By way of example, and not limitation, such computer-readable storage media can comprise RAM, ROM, EEPROM, CD-ROM or other optical disk storage, magnetic disk storage or other magnetic storage devices, flash memory, or any other medium that can be used to store desired program code in the form of instructions or data structures and that can be accessed by a computer. Also, any connection is properly termed a computer-readable medium. For example, if the instructions are transmitted from a website, server, or other remote source using a coaxial cable, fiber optic cable, twisted pair, digital Subscriber Line (DSL), or wireless technologies such as infrared, radio, and microwave, then the coaxial cable, fiber optic cable, twisted pair, DSL, or wireless technologies such as infrared, radio, and microwave are included in the definition of medium. It should be understood, however, that the computer-readable storage media and data storage media do not include connections, carrier waves, signals, or other transitory media, but are instead directed to non-transitory tangible storage media. Disk and disc, as used herein, includes Compact Disc (CD), laser disc, optical disc, digital Versatile Disc (DVD), and blu-ray disc where disks usually reproduce data magnetically, while discs reproduce data optically with lasers. Combinations of the above should also be included within the scope of computer-readable media.

The instructions may be executed by one or more processors, such as one or more Digital Signal Processors (DSPs), general purpose microprocessors, application Specific Integrated Circuits (ASICs), field programmable logic arrays (FPGAs), or other equivalent integrated or discrete logic circuitry. Accordingly, the term "processor," as used herein may refer to any of the foregoing structure or any other structure suitable for implementation of the techniques described herein. Additionally, in some aspects, the functions described by the various illustrative logical blocks, modules, and steps described herein may be provided within dedicated hardware and/or software modules configured for encoding and decoding, or incorporated in a combined codec. Also, the techniques may be fully implemented in one or more circuits or logic elements.

The techniques of this application may be implemented in a wide variety of devices or apparatuses, including a wireless handset, an Integrated Circuit (IC), or a set of ICs (e.g., a chipset). Various components, modules, or units are described in this application to emphasize functional aspects of means for performing the disclosed techniques, but do not necessarily require realization by different hardware units. Indeed, as described above, the various units may be combined in a codec hardware unit, in conjunction with suitable software and/or firmware, or provided by an interoperating hardware unit (including one or more processors as described above).

In the foregoing embodiments, the descriptions of the respective embodiments have respective emphasis, and for parts that are not described in detail in a certain embodiment, reference may be made to related descriptions of other embodiments.

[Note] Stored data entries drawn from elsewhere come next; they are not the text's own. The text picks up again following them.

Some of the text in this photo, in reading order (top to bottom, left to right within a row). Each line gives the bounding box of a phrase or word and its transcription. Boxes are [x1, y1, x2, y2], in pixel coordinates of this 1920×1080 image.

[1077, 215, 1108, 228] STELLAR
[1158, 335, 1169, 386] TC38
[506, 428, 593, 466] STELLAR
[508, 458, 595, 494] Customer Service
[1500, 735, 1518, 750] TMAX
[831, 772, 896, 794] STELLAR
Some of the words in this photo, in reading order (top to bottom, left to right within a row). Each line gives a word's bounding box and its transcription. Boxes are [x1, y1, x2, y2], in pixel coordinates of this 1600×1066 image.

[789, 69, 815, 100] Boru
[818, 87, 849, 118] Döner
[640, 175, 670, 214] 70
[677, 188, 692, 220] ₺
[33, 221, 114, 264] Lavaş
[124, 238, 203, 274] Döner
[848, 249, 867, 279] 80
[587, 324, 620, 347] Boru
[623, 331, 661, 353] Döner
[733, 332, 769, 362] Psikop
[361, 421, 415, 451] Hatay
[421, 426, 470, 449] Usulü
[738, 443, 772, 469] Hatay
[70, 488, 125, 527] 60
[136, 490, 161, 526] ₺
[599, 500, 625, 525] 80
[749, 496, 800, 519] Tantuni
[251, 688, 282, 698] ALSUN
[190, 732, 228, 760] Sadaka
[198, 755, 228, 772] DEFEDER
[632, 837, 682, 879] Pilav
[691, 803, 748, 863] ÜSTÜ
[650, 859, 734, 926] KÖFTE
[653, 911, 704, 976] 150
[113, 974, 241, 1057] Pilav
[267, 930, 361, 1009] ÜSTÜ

The above description is only an exemplary embodiment of the present application, but the scope of the present application is not limited thereto, and any changes or substitutions that can be easily conceived by those skilled in the art within the technical scope of the present application should be covered within the scope of the present application. Therefore, the protection scope of the present application shall be subject to the protection scope of the claims.

Claims

1. An audio encoding method, comprising:

obtaining an audio channel signal of a current frame, wherein the audio channel signal of the current frame is obtained by performing spatial mapping on an original high-order ambisonic (HOA) signal through a first target virtual loudspeaker;

when the first target virtual loudspeaker and the second target virtual loudspeaker meet set conditions, determining a first coding parameter of the audio channel signal of the current frame according to a second coding parameter of the audio channel signal of the previous frame of the current frame, wherein the audio channel signal of the previous frame corresponds to the second target virtual loudspeaker;

coding the audio channel signal of the current frame according to the first coding parameter;

and writing the coding result of the audio channel signal of the current frame into a code stream.

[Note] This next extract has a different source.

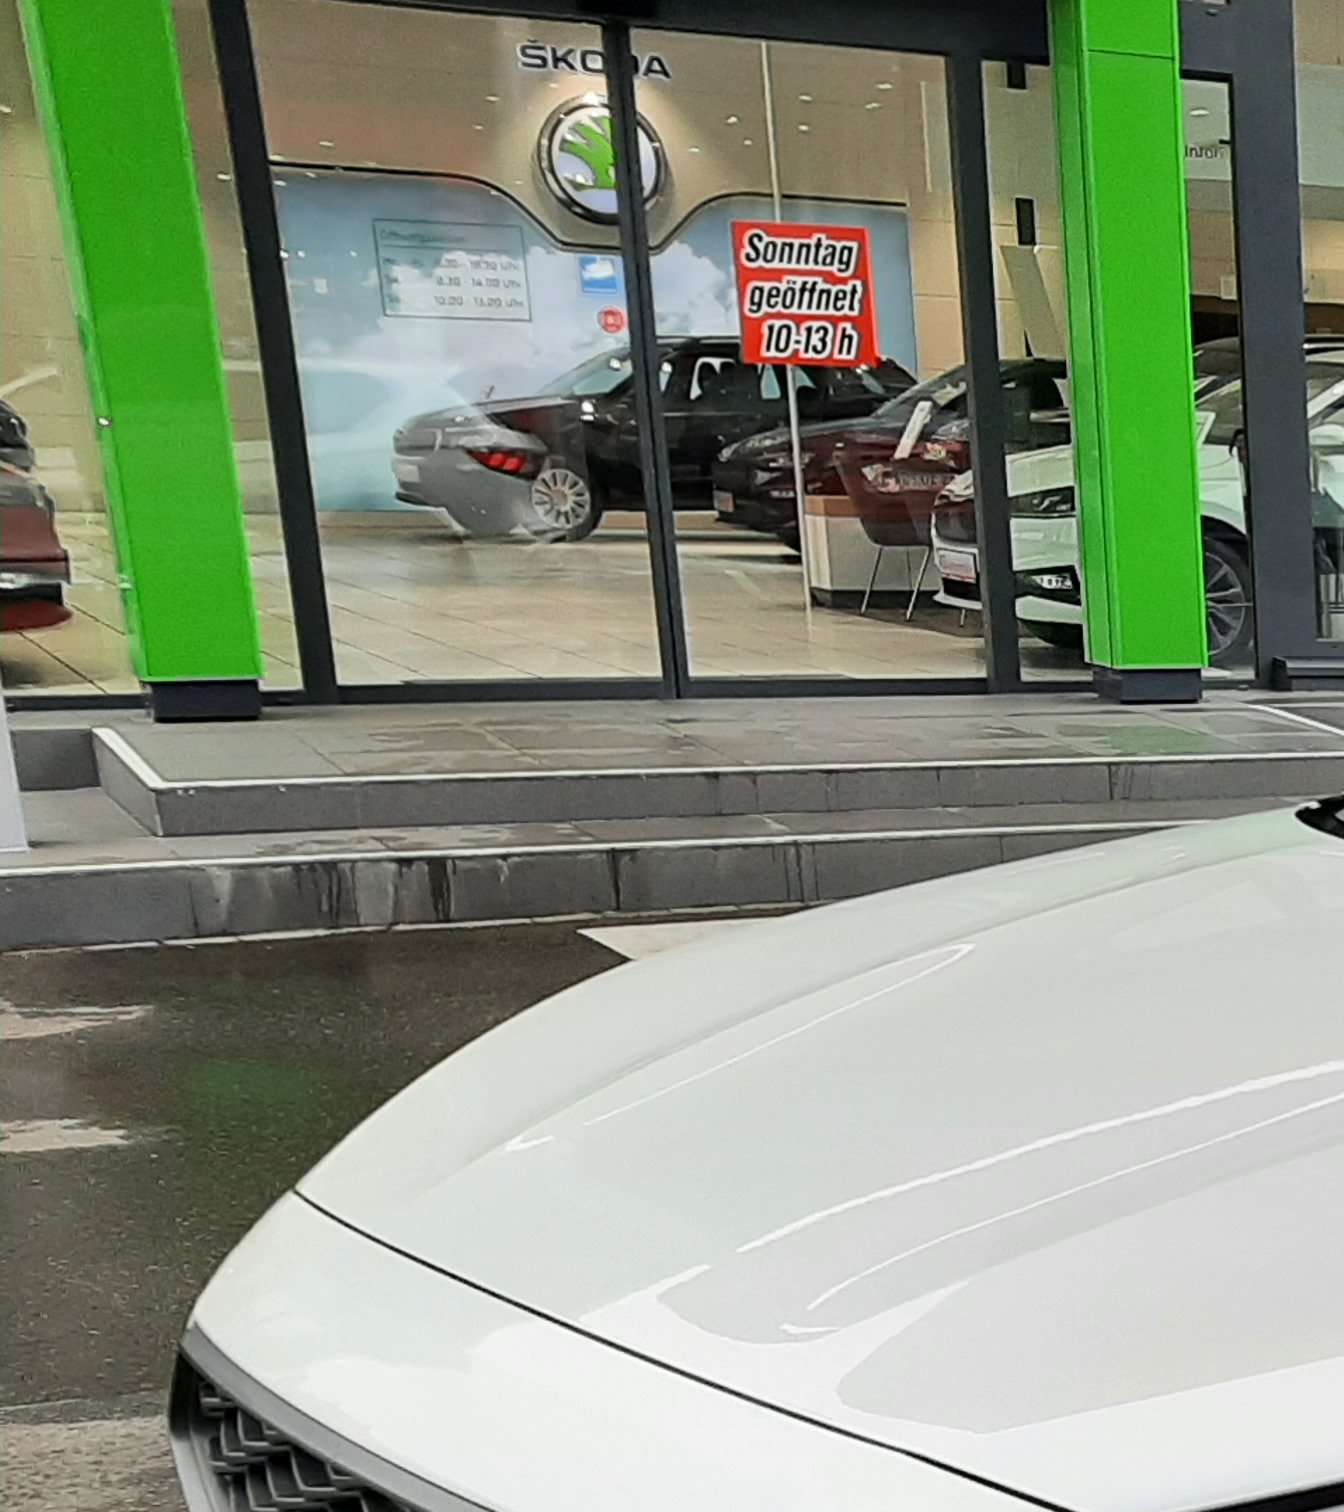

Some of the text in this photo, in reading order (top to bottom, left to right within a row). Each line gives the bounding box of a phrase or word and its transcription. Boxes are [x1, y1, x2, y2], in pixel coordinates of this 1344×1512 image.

2. The method of claim 1, wherein the method further comprises:

and writing the first coding parameter into a code stream.

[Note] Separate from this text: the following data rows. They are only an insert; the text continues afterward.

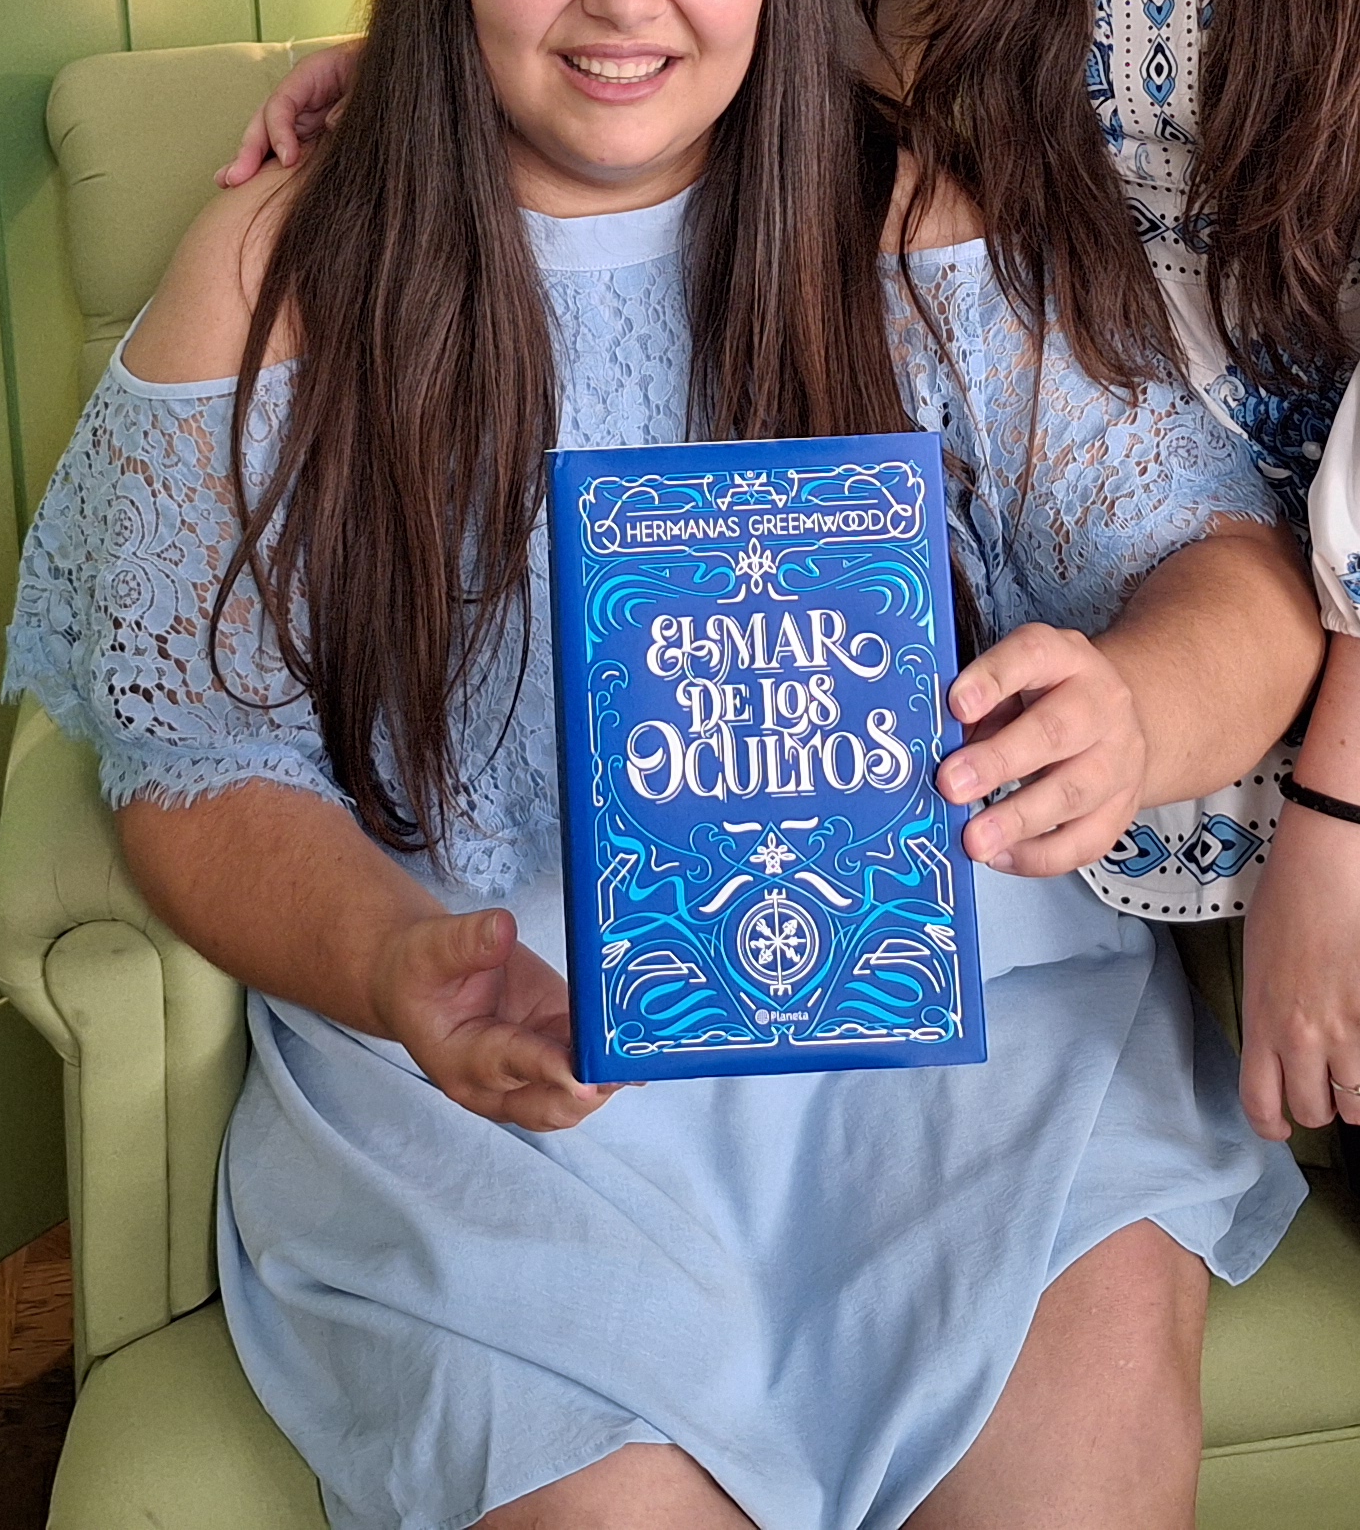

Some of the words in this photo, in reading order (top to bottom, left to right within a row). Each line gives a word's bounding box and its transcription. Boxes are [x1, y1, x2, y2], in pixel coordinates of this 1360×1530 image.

[626, 517, 740, 543] HERMANAS
[748, 509, 885, 536] GREEMWOOD
[647, 614, 720, 681] EL
[705, 609, 891, 682] MAR
[676, 677, 753, 738] DE
[756, 673, 841, 736] LOS
[626, 708, 913, 804] OCULTOS
[770, 1010, 809, 1022] Planeta

3. The method of claim 1 or 2, wherein the first encoding parameters comprise one or more of inter-channel pairing parameters, inter-channel auditory space parameters, or inter-channel bit allocation parameters.

4. The method of any one of claims 1-3, wherein the set condition includes a first spatial position of the first target virtual speaker overlapping a second spatial position of the second target virtual speaker;

the determining the first encoding parameter of the audio channel signal of the current frame according to the second encoding parameter of the audio channel signal of the previous frame includes:

and taking the second coding parameter of the audio channel signal of the previous frame as the first coding parameter of the audio channel signal of the current frame.

5. The method of claim 4, wherein the method further comprises:

and writing a multiplexing identifier into a code stream, wherein the value of the multiplexing identifier is a first value, and the first value indicates that the first coding parameter of the audio channel signal of the current frame multiplexes the second coding parameter.

6. The method of claim 4 or 5, wherein the first spatial location comprises a first coordinate of the first target virtual speaker, the second spatial location comprises a second coordinate of the second target virtual speaker, and the first spatial location and the second spatial location overlap comprises the first coordinate being the same as the second coordinate;

or

The first spatial location comprises a first serial number of the first target virtual speaker, the second spatial location comprises a second serial number of the second target virtual speaker, and the first spatial location and the second spatial location overlap to comprise that the first serial number is the same as the second serial number;

or

The first spatial location comprises a first HOA coefficient for the first target virtual speaker, the second spatial location comprises a second HOA coefficient for the second target virtual speaker, the first spatial location overlapping the second spatial location comprises the first HOA coefficient being the same as the second HOA coefficient.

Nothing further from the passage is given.